14th Century Count of Berg and Ravensberg

Gerhard VI of Jülich, Count of Berg and Ravensberg (c. 1325 – 18 May 1360) was the son of William V, Duke of Jülich and Joanna of Hainaut.

Gerhard was betrothed in 1333 (renewed 1342) to Margaret of Guelders, daughter of Rainald II of Guelders and Sophia Betrout. However, this marriage was never consummated, likely due either to Rainald's death in 1343 or Margaret's death in 1344. Gerhard was subsequently married about 1344 to Margaret of Ravensberg, heiress of Berg and Ravensberg (died 13/19 February 1389), daughter of Otto IV, Count of Ravensberg and Margaret of Berg. Margaret's father Otto had no sons so at his death in 1328, the County of Ravensberg went to his brother Bernhard. However, when Bernhard died in 1346 without issue, Margaret became the heir of Ravensberg, her elder sister Hedwig having died in 1336.

Then, when Margaret's uncle, Count Adolf IX of Berg, died in 1348 without issue, Margaret also inherited Berg by right of her mother.

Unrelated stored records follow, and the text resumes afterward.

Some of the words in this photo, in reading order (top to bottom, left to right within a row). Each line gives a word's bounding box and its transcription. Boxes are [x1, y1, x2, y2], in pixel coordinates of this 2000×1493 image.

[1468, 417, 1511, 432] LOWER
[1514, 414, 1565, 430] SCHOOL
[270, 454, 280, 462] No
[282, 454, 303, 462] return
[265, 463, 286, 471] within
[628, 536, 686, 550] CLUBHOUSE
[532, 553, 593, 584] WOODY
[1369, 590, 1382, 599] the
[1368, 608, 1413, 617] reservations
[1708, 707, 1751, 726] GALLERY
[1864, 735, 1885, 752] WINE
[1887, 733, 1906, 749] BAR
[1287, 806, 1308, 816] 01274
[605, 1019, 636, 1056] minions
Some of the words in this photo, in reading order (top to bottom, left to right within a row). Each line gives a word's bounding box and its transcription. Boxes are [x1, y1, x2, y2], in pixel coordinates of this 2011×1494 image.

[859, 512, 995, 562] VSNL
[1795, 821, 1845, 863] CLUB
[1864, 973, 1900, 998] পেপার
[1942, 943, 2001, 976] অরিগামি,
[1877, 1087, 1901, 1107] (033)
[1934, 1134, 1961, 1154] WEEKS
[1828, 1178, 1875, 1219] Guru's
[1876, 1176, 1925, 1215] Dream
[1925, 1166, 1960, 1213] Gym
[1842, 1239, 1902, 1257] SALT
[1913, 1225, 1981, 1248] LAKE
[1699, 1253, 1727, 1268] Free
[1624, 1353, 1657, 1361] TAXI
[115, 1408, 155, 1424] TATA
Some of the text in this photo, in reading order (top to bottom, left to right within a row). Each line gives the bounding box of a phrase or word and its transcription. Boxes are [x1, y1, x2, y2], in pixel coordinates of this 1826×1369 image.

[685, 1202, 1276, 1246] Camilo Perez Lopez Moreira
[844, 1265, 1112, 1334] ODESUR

Thus, the titles to Berg and Ravensberg came into the house of Jülich where they remained until 1511 when they passed into the house of Cleves.

Gerhard completed several ineffective protective alliances and stood against the Archbishop of Cologne. He won Hardenberg, Neviges, Langenberg, Remangen and Kaiserswerth, among others.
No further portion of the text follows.